Autor: Elalfy MS; Department of Pediatric Hematology, Ain Shams University, Children's Hospital, Cairo, Egypt., Hamdy M; Research Center, Cairo University, Cairo, Egypt., Adly A; Department of Pediatric Hematology, Ain Shams University, Children's Hospital, Cairo, Egypt., Ebeid FSE; Department of Pediatric Hematology, Ain Shams University, Children's Hospital, Cairo, Egypt., Temin NT; Chiesi Canada Corporation, Toronto, Ontario, Canada., Rozova A; Chiesi Canada Corporation, Toronto, Ontario, Canada., Lee D; Chiesi Canada Corporation, Toronto, Ontario, Canada., Fradette C; Chiesi Canada Corporation, Toronto, Ontario, Canada., Tricta F; Chiesi Canada Corporation, Toronto, Ontario, Canada.
Jazyk: angličtina
Zdroj: American journal of hematology [Am J Hematol] 2023 Sep; Vol. 98 (9), pp. 1415-1424. Date of Electronic Publication: 2023 Jul 04.
DOI: 10.1002/ajh.27010
Abstrakt: Children with transfusion-dependent thalassemia (TDT) require regular blood transfusions that, without iron-chelation therapy, lead to iron-overload toxicities.
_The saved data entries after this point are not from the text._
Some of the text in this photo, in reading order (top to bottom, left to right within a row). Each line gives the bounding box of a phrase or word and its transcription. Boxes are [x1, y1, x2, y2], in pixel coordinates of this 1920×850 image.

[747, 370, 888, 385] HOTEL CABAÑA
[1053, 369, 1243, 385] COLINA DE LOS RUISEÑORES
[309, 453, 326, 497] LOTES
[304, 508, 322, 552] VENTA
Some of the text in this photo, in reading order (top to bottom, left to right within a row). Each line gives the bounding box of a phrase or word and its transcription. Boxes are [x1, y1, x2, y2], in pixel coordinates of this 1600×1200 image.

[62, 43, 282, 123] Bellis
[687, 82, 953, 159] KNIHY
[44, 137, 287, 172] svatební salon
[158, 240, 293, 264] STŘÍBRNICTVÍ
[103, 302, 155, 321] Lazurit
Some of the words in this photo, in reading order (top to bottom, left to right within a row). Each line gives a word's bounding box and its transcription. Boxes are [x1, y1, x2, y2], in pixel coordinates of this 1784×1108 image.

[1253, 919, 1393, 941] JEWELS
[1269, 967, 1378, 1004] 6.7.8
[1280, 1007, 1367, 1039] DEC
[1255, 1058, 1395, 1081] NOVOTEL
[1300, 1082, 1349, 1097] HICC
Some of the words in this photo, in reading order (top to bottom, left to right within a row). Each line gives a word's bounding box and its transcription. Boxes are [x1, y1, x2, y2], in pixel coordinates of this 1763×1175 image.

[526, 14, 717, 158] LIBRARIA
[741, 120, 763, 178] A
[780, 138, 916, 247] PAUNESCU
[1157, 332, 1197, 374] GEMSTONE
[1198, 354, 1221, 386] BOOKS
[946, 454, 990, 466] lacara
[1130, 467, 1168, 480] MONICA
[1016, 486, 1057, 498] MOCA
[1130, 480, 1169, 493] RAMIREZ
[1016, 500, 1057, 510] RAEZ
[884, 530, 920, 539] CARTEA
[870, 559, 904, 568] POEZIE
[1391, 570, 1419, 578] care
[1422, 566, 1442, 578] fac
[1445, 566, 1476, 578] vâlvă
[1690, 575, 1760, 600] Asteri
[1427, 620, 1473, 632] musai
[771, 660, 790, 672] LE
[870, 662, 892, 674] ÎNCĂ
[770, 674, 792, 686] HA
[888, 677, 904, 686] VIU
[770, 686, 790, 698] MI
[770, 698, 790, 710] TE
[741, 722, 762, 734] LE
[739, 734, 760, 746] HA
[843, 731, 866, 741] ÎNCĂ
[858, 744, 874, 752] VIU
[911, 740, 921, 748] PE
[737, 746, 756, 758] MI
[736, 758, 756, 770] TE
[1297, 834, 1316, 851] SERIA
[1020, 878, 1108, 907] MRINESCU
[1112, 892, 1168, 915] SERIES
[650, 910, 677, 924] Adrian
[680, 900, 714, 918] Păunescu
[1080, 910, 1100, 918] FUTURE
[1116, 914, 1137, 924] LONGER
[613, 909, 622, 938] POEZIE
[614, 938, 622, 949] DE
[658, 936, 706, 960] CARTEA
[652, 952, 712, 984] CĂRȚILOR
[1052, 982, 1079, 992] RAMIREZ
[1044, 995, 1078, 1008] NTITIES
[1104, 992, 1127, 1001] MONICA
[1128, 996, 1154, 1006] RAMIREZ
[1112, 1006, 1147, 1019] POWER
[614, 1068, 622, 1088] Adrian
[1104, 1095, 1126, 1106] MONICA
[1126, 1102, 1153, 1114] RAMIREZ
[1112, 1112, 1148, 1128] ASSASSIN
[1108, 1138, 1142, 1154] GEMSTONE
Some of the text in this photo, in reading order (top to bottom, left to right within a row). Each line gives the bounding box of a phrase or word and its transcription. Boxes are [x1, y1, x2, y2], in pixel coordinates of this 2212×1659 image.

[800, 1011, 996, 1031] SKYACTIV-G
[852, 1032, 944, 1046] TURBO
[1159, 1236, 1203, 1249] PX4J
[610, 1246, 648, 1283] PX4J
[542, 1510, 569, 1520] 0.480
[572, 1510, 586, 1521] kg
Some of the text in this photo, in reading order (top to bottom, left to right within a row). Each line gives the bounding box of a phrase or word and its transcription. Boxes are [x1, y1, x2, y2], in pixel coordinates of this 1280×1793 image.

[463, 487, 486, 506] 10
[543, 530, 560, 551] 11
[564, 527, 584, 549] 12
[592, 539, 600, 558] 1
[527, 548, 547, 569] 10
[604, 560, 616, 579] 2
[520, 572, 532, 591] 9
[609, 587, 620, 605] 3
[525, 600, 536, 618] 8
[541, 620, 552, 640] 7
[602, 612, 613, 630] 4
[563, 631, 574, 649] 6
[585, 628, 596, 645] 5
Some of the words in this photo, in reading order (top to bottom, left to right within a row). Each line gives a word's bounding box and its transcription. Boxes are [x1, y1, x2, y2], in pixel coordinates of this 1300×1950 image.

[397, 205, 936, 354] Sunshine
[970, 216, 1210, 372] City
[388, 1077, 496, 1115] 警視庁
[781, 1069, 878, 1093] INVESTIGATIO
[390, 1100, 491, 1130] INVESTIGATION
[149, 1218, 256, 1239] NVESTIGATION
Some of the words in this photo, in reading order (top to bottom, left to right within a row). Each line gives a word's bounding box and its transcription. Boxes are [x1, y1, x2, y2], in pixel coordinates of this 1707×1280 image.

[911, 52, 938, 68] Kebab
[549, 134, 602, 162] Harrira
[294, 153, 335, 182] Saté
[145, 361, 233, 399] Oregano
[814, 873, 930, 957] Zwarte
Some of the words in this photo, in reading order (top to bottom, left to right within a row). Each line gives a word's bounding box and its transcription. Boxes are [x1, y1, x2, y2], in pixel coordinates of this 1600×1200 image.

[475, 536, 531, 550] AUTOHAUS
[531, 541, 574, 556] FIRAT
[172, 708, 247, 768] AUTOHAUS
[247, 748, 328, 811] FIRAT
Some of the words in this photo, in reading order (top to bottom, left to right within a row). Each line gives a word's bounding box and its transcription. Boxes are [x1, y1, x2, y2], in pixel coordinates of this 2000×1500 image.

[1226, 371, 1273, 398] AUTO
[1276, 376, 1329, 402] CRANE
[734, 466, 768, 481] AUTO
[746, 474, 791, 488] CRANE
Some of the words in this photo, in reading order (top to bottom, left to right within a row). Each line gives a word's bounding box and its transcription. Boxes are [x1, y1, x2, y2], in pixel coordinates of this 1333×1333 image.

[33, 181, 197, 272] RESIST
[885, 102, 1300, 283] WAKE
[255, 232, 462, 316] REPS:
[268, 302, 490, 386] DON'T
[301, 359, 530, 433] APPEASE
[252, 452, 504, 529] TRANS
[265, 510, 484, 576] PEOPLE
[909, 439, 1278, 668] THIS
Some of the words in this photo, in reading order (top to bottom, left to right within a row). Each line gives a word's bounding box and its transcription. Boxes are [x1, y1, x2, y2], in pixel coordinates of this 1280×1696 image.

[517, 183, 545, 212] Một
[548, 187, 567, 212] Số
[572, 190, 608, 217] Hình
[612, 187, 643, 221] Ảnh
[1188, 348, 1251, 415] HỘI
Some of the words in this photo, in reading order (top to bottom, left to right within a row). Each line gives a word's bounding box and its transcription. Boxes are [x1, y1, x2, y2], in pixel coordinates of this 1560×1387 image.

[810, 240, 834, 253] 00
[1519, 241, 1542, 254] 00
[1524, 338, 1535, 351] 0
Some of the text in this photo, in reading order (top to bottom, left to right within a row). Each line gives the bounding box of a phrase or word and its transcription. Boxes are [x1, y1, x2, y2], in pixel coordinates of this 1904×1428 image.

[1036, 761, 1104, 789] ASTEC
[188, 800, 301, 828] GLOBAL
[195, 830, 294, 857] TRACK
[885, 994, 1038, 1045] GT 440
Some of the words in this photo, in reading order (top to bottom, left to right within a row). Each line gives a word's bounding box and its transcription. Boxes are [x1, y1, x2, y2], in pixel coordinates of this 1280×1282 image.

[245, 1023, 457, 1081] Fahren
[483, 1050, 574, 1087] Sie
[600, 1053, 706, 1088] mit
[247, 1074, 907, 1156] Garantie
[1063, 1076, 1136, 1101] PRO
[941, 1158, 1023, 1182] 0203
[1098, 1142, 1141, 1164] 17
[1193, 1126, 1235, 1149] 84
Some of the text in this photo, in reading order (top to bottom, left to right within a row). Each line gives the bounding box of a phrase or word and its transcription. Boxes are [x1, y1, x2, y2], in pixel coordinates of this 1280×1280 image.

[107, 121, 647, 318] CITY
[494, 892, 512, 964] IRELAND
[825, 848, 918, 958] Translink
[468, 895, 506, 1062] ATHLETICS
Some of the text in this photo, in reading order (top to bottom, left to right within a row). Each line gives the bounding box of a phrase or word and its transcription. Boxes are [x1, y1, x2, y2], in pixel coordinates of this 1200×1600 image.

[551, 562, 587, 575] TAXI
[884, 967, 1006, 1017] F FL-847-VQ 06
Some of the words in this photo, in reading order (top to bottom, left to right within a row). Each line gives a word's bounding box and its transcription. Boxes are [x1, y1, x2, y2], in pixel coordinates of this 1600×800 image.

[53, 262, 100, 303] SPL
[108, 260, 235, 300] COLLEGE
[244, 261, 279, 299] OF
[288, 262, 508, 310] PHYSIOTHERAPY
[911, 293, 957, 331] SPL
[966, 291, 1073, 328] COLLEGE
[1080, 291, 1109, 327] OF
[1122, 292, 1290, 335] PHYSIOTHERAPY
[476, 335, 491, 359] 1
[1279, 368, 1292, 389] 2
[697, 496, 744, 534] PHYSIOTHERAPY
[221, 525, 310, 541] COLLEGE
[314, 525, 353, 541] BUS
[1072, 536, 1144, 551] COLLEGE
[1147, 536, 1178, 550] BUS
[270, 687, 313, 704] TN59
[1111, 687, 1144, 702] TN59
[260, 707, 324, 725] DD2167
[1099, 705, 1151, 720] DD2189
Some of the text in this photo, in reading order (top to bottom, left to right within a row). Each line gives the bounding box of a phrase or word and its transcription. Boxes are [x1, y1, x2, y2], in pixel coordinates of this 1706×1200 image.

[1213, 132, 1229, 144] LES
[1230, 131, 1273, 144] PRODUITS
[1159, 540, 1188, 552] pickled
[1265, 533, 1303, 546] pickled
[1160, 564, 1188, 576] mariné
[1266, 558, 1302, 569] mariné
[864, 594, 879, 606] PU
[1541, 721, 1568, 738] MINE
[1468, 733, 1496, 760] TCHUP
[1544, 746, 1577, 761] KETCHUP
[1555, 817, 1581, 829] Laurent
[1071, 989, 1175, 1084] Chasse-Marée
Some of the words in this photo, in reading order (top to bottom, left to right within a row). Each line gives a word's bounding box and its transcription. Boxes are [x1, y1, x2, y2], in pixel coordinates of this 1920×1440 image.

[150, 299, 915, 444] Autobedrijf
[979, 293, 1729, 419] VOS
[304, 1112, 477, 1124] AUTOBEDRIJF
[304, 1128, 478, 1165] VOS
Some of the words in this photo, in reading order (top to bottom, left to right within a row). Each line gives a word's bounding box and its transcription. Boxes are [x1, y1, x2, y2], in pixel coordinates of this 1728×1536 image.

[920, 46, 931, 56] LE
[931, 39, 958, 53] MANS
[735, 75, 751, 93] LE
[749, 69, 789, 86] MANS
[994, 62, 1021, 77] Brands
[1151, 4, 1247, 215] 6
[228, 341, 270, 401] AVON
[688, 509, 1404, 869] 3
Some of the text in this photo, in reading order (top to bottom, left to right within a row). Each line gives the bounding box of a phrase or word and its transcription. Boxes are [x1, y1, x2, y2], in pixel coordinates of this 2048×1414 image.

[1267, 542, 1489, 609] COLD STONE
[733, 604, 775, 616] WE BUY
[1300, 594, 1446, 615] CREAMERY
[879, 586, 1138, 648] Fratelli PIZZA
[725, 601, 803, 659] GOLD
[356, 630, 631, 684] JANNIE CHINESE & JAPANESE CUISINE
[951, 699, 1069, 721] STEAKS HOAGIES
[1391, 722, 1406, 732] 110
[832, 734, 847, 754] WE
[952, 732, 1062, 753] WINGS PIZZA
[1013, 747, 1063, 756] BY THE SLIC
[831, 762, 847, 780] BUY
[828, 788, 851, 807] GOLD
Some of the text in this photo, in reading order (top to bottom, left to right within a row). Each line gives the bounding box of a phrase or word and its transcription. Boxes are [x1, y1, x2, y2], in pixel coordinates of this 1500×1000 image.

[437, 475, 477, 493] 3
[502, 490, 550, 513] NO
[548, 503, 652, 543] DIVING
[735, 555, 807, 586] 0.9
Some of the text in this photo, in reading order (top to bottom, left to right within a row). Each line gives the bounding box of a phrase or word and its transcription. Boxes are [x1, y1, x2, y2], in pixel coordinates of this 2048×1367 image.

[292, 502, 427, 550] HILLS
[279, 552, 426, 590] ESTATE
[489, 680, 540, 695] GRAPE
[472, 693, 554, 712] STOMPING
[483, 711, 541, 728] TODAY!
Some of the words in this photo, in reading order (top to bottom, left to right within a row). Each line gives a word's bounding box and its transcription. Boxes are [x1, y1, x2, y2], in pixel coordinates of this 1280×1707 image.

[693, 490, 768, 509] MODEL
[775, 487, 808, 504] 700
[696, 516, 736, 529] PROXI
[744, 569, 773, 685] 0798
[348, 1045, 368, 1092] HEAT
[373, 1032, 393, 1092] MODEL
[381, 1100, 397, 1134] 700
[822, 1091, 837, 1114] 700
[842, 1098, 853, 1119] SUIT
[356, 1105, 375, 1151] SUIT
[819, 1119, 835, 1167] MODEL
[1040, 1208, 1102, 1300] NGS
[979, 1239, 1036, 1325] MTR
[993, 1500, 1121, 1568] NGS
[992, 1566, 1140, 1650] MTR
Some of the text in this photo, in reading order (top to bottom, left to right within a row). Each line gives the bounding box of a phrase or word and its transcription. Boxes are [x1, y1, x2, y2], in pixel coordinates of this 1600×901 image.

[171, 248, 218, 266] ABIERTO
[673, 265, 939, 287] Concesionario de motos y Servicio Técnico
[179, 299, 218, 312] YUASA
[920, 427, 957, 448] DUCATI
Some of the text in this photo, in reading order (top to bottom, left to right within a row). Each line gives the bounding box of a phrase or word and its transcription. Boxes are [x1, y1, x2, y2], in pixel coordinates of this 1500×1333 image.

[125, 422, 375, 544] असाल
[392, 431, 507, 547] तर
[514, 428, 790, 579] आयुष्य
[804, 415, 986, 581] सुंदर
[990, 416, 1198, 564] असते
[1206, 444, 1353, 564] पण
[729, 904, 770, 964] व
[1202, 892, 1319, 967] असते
Current practice delays chelation therapy (late-start) until reaching iron overload (serum ferritin ≥1000 μg/L) to minimize risks of iron-depletion. Deferiprone's distinct pharmacological properties, including iron-shuttling to transferrin, may reduce risks of iron depletion during mild-to-moderate iron loads and iron overload/toxicity in children with TDT. The early-start deferiprone (START) study evaluated the efficacy/safety of early-start deferiprone in infants/young children with TDT. Sixty-four infants/children recently diagnosed with beta-thalassemia and serum ferritin (SF) between 200 and 600 μg/L were randomly assigned 1:1 to receive deferiprone or placebo for 12 months or until reaching SF-threshold (≥1000 μg/L at two consecutive visits). Deferiprone was initiated at 25 mg/kg/day and increased to 50 mg/kg/day; some recipients' dosages increased to 75 mg/kg/day based on iron levels. The primary endpoint was the proportion of patients ≥SF-threshold by month 12. Monthly transferrin saturation (TSAT) assessment evaluated iron-shuttling. At baseline, there was no significant difference in mean age (deferiprone: 3.03 years, placebo: 2.63 years), SF (deferiprone: 513.8 μg/L, placebo: 451.7 μg/L), or TSAT (deferiprone: 47.98%, placebo: 43.43%) between groups. At month 12, there was no significant difference in growth or adverse event (AE) rates between groups. No deferiprone-treated patients were iron-depleted. At month 12, 66% of patients receiving deferiprone remained below SF threshold versus 39% of placebo (p = .045). Deferiprone-treated patients showed higher TSAT levels and reached ≥60% TSAT threshold faster. Early-start deferiprone was well-tolerated, not associated with iron depletion, and efficacious in reducing iron overload in infants/children with TDT. TSAT results provide the first clinical evidence of deferiprone shuttling iron to transferrin.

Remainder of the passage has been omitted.